[Stored data entries]
* * *

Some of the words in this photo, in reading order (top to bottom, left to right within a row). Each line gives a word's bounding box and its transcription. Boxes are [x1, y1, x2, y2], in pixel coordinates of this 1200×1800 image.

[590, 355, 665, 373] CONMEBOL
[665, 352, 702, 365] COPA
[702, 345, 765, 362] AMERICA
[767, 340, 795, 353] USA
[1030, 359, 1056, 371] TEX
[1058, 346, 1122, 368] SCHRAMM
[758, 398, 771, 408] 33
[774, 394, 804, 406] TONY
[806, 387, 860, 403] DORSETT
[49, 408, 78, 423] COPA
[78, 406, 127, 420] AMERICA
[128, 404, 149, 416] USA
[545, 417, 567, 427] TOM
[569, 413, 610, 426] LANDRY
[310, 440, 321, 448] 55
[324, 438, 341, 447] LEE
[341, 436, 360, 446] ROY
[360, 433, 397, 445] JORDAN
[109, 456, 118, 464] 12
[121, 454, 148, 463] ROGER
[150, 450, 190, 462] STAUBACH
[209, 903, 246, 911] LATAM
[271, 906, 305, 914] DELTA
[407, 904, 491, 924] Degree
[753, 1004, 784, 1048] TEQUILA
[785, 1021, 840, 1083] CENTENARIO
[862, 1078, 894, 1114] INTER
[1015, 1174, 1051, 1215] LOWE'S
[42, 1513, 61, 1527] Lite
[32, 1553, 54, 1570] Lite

* * *

## INSTRUCTIONS FOR THE TASK
All the lines above need to be printed again, exactly.

## WRITTEN SOLUTION
Some of the words in this photo, in reading order (top to bottom, left to right within a row). Each line gives a word's bounding box and its transcription. Boxes are [x1, y1, x2, y2], in pixel coordinates of this 1200×1800 image.

[590, 355, 665, 373] CONMEBOL
[665, 352, 702, 365] COPA
[702, 345, 765, 362] AMERICA
[767, 340, 795, 353] USA
[1030, 359, 1056, 371] TEX
[1058, 346, 1122, 368] SCHRAMM
[758, 398, 771, 408] 33
[774, 394, 804, 406] TONY
[806, 387, 860, 403] DORSETT
[49, 408, 78, 423] COPA
[78, 406, 127, 420] AMERICA
[128, 404, 149, 416] USA
[545, 417, 567, 427] TOM
[569, 413, 610, 426] LANDRY
[310, 440, 321, 448] 55
[324, 438, 341, 447] LEE
[341, 436, 360, 446] ROY
[360, 433, 397, 445] JORDAN
[109, 456, 118, 464] 12
[121, 454, 148, 463] ROGER
[150, 450, 190, 462] STAUBACH
[209, 903, 246, 911] LATAM
[271, 906, 305, 914] DELTA
[407, 904, 491, 924] Degree
[753, 1004, 784, 1048] TEQUILA
[785, 1021, 840, 1083] CENTENARIO
[862, 1078, 894, 1114] INTER
[1015, 1174, 1051, 1215] LOWE'S
[42, 1513, 61, 1527] Lite
[32, 1553, 54, 1570] Lite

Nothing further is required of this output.